Estão aqui contos muito engraçados, muito desconcertantes, alguns arrancam-nos gargalhadas, outros dão que pensar, por exemplo, na lealdade dos animais, na preocupação com o próximo, no menosprezo dos valores materiais em detrimento do valor sentimental das coisas.

 

Lendo no intervalo de um livro maior.

 

Wednesday, August 05, 2026

Descalça e não segura

 

Mais um daqueles sonhos em que eu sou humilhada, destratada, desprovida das minhas necessidades e dos meus quereres…

 

Fomos numa caminhada ou numa excursão. Tivemos de parar um pouco para esticar as pernas ou tomar alguma coisa.
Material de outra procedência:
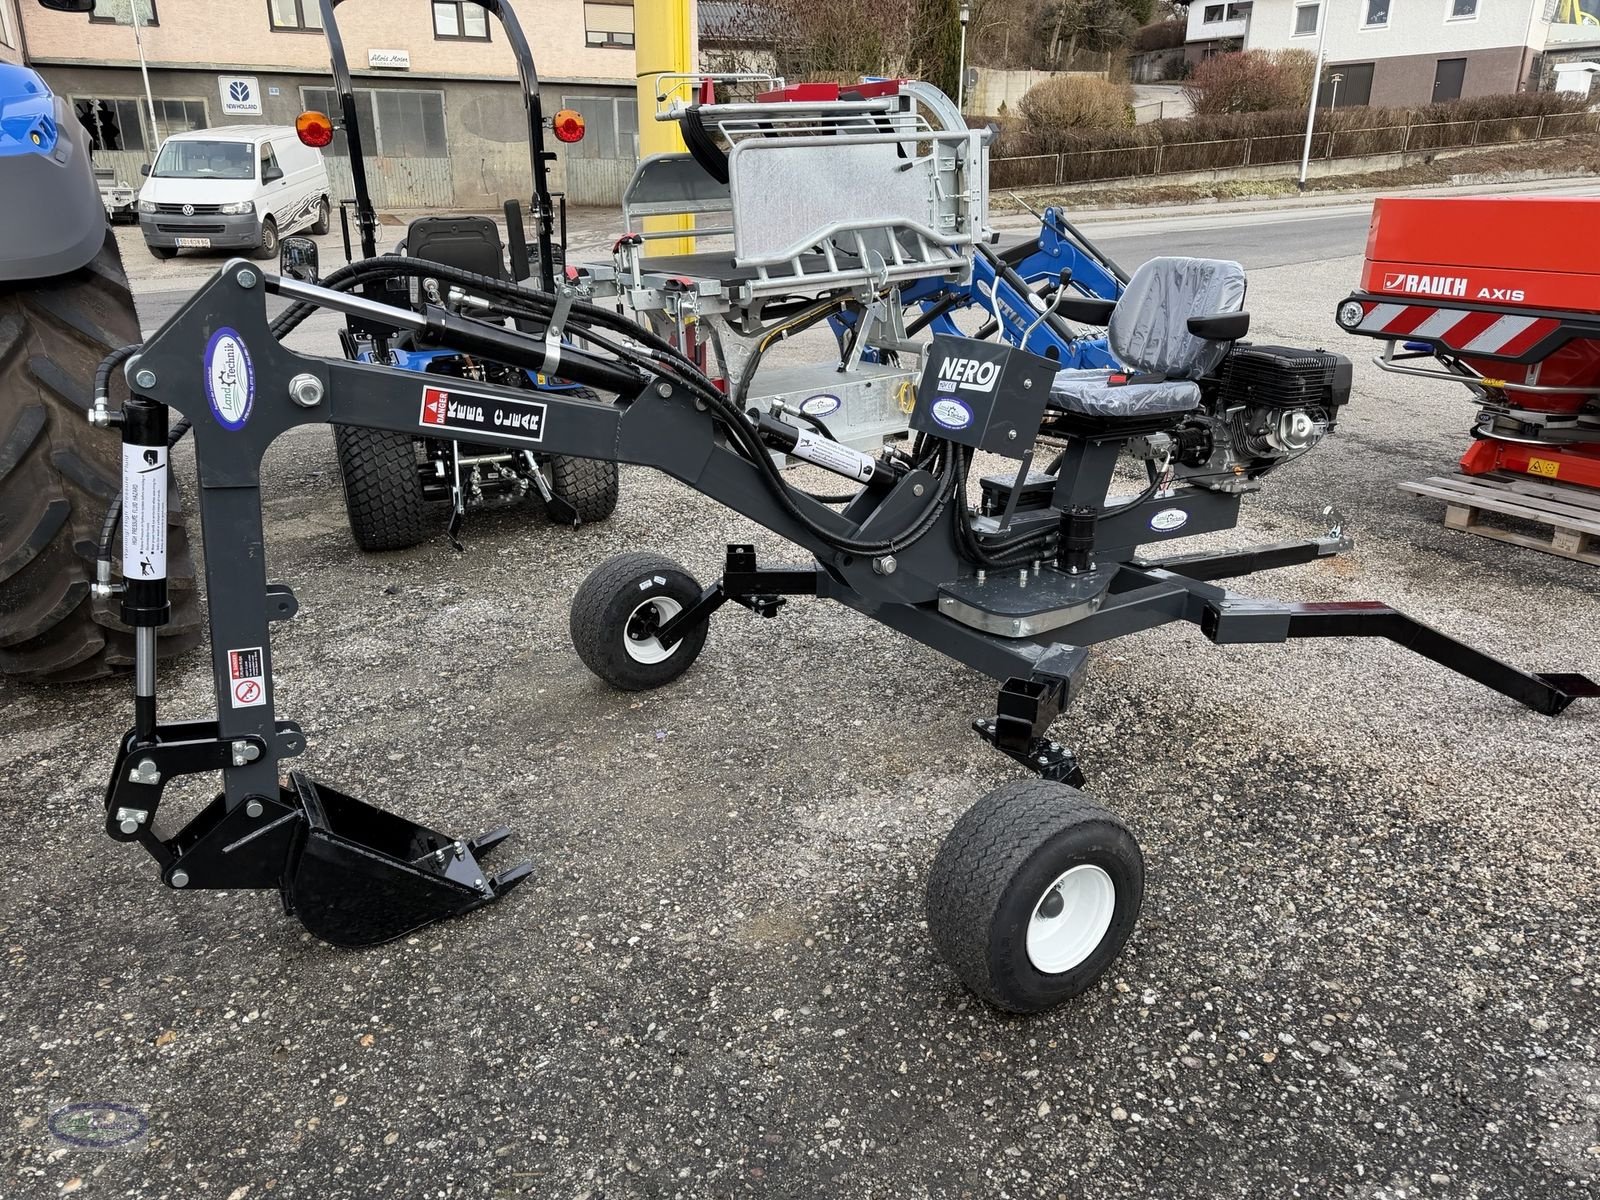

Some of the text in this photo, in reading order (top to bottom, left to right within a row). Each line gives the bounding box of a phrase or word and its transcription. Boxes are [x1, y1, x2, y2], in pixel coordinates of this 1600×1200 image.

[1405, 274, 1525, 302] RAUCH AXIS
[222, 342, 236, 411] Land Technik
[938, 356, 995, 385] NERO
[436, 392, 449, 424] DANGER
[447, 400, 540, 431] KEEP CLEAR
Já não é a primeira vez que um sonho se passa naquele  preciso local.

 

Quando cheguei ao autocarro, reparei que estava descalça, com os pés cheios de terra e todos molhados. Não me lembro agora se tinha perdido as duas botas ou apenas uma.

 

Imediatamente entrei em parafuso. Era de  manhã e tinha de andar o dia todo assim. Pedi que fossem comigo á procura do meu calçado, pois não sabia onde o tinha deixado. Disseram que estavam com pressa porque o autocarro tinha de chegar a horas.

 

Estava visivelmente desconfortável quando acordei. Ainda bem que era apenas um sonho.

 

“A Herança” (impressões pessoais)

 

Aí está o livro que recebeu nota máxima esta semana. Andava há tempo para ler este livro mas só agora o consegui encaixar. Ainda bem que o fiz porque  precisava de dar conta de outros livros maiores, de não ficção e que já estão há anos á espera.

 

Para mim, neste momento, Samantha Hayes é a melhor escritora de Thrillers da  atualidade. Para mim ela é muito melhor do que a Freida. Consegue prender o leitor mesmo até á última página. Não sei se ela será a resposta inglesa á Freida, até porque eu conheço muitas outras escritoras inglesas com a mesma qualidade. A  Alice Feeney, as Claires…na Escócia e na irlanda existem autoras de  thrillers igualmente muito boas.  Esqueci-me da  Paula Hawkins.

 

Falando da Samantha Hayes e deste livro em concreto, esta família mais parece um conjunto de concorrentes da “Casa Dos Segredos”. Toda a gente tem algo a esconder. É mesmo a dinâmica familiar que Samantha Hayes explora. Dentro de uma família aparentemente normal, com as suas coisas, como acontece em qualquer família, pode acontecer algo, normalmente vindo do passado de alguém, para assombrar e influenciar os acontecimentos presentes.

 

No caso deste livro, o ponto de  rotura dá-se com a morte de Ray. É hora de dar a  conhecer o testamento ás filhas. Connie vive a chegada da família com apreensão. Como dizer a uma das suas filhas que não foi contemplada em testamento? A partir daqui, as coisas precipitam-se. Segredos do passado ameaçam irromper. Esta família não será mais a mesma.

 

Muito bom mesmo. Esta escritora esteve presente aqui em Portugal numa das feiras do livro. Tive pena de não a conhecer. É uma das autoras que mais admiro no momento.